• _Task description_: Would you please reproduce all the entries word for word, minus the pictures?

── The data

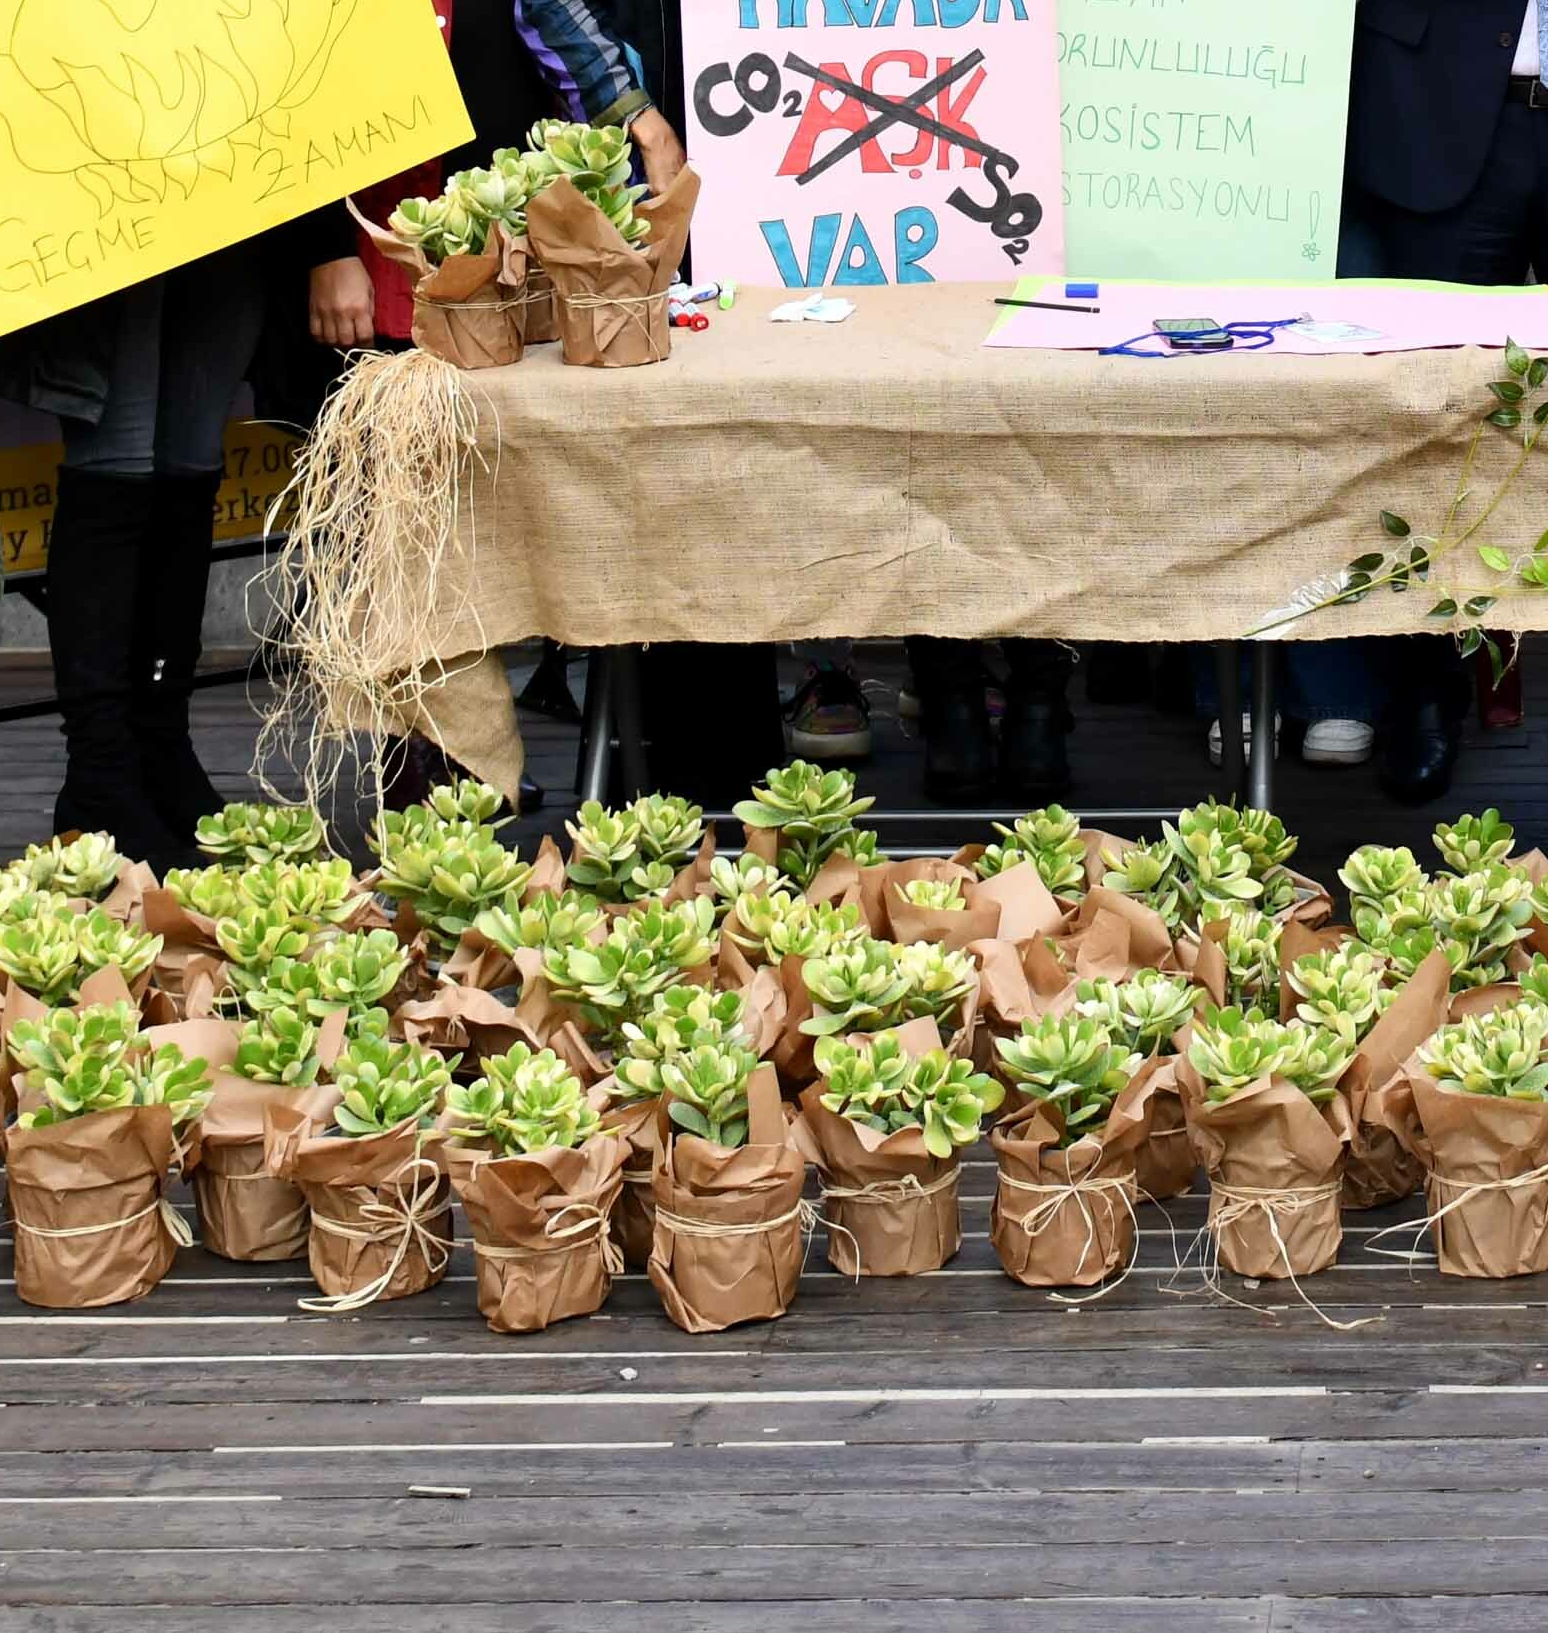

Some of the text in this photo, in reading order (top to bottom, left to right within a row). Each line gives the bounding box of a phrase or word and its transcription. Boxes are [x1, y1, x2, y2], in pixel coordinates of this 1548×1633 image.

[252, 95, 431, 203] ZAMANI
[774, 49, 988, 179] AŞK
[1059, 102, 1255, 157] KOSİSTEM
[1061, 170, 1290, 222] STORASYONU
[759, 206, 938, 288] VAR
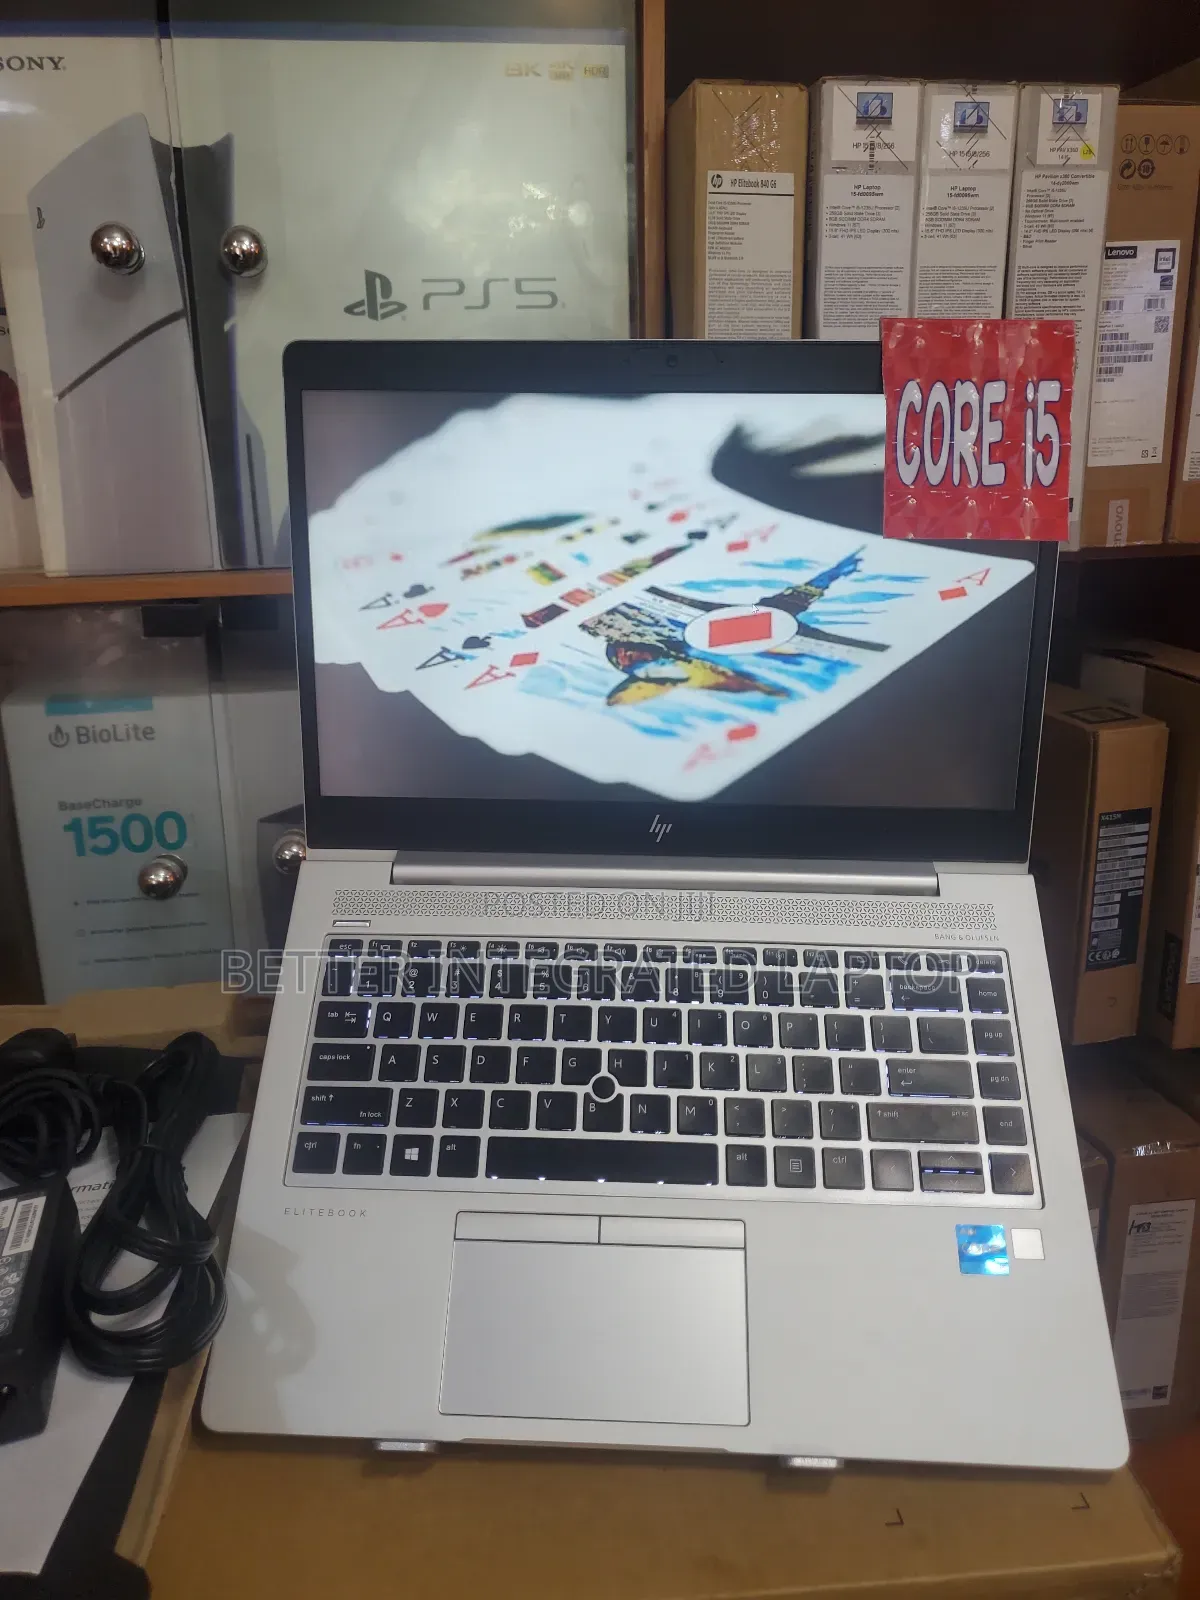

────

• _Response_:
Some of the text in this photo, in reading order (top to bottom, left to right within a row). Each line gives the bounding box of a phrase or word and its transcription. Boxes are [x1, y1, x2, y2], in pixel coordinates of this 1548×1633 image.

[252, 95, 431, 203] ZAMANI
[774, 49, 988, 179] AŞK
[1059, 102, 1255, 157] KOSİSTEM
[1061, 170, 1290, 222] STORASYONU
[759, 206, 938, 288] VAR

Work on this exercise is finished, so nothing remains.